En suivant les échassiers, Louis parvient d’abord en Slovaquie puis en Bulgarie. Et c’est là que l’histoire se complique. Louis se rend compte que derrière ce voyage se cache bien plus qu’une passion d’ornithologue. Max Böhm se servait des migrations des cigognes pour acheminer des diamants en Europe. Les cigognes précieusement baguées évitaient ainsi taxes, douanes, polices… Pourtant, la suite des pérégrinations de Louis, Istanbul, Rhodes, Israël, Centrafrique… lui révèle un trafic bien plus odieux que celui des diamants. Des cadavres sont découverts atrocement mutilés… et vidés de leur cœur. L’ablation s’est faite à vif. Dans chaque pays, Louis est donc confronté à ces horreurs et aux tabous qui les entourent.

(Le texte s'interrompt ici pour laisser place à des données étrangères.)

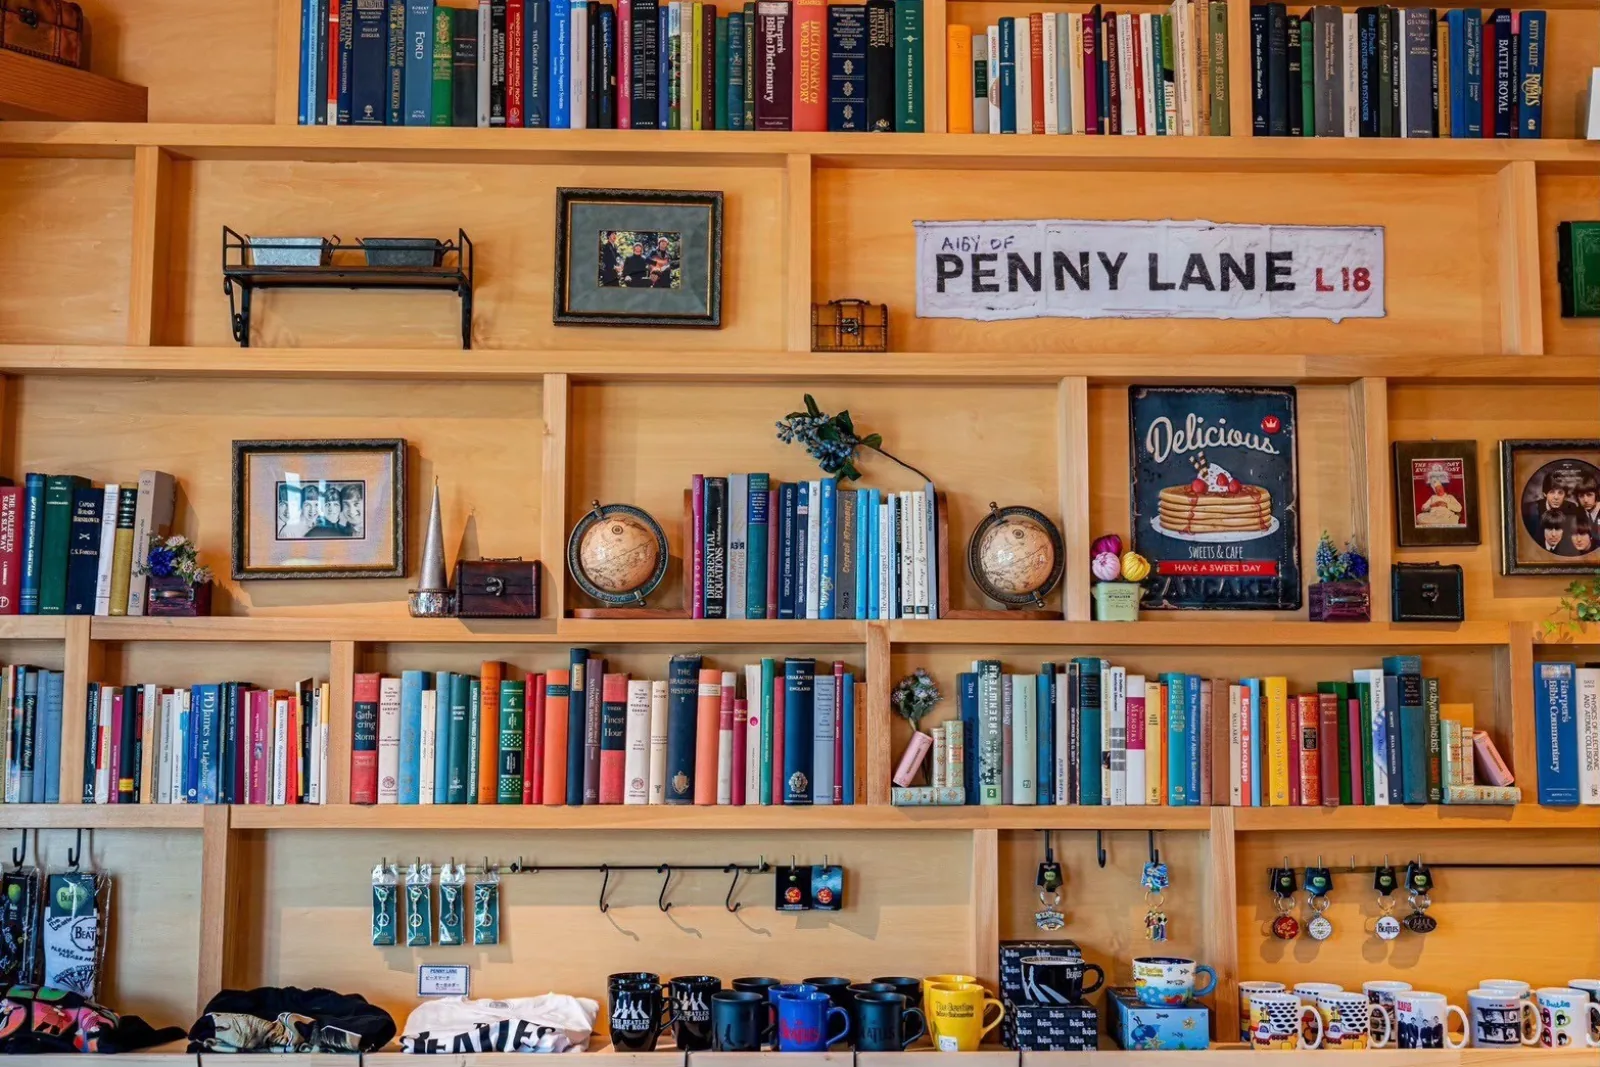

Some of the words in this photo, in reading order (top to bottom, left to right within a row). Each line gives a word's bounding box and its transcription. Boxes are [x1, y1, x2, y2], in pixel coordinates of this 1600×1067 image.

Je ne veux pas révéler toute l’intrigue qui est une mosaïque composée de mille et un réseaux enchevêtrés entre eux. Les descriptions des pays traversés, mais plus encore, des coutumes et modes de vie de certains peuples comme les Roms et les Pygmées sont d’une justesse et d’un réalisme jubilatoires. L’arrivée à Bangui, au Centrafrique, a réveillé ma soif de voyager. L’écriture de Grangé est assez puissante pour épouser les particularités de chaque contrée.
En plus de cela, on découvre petit à petit que notre Louis Antioche à qui on s’attache très vite a un passé peu ordinaire : il a perdu ses parents dans un incendie et ses séquelles à lui se trouvent sur ses mains, brûlées, elles sont anonymes.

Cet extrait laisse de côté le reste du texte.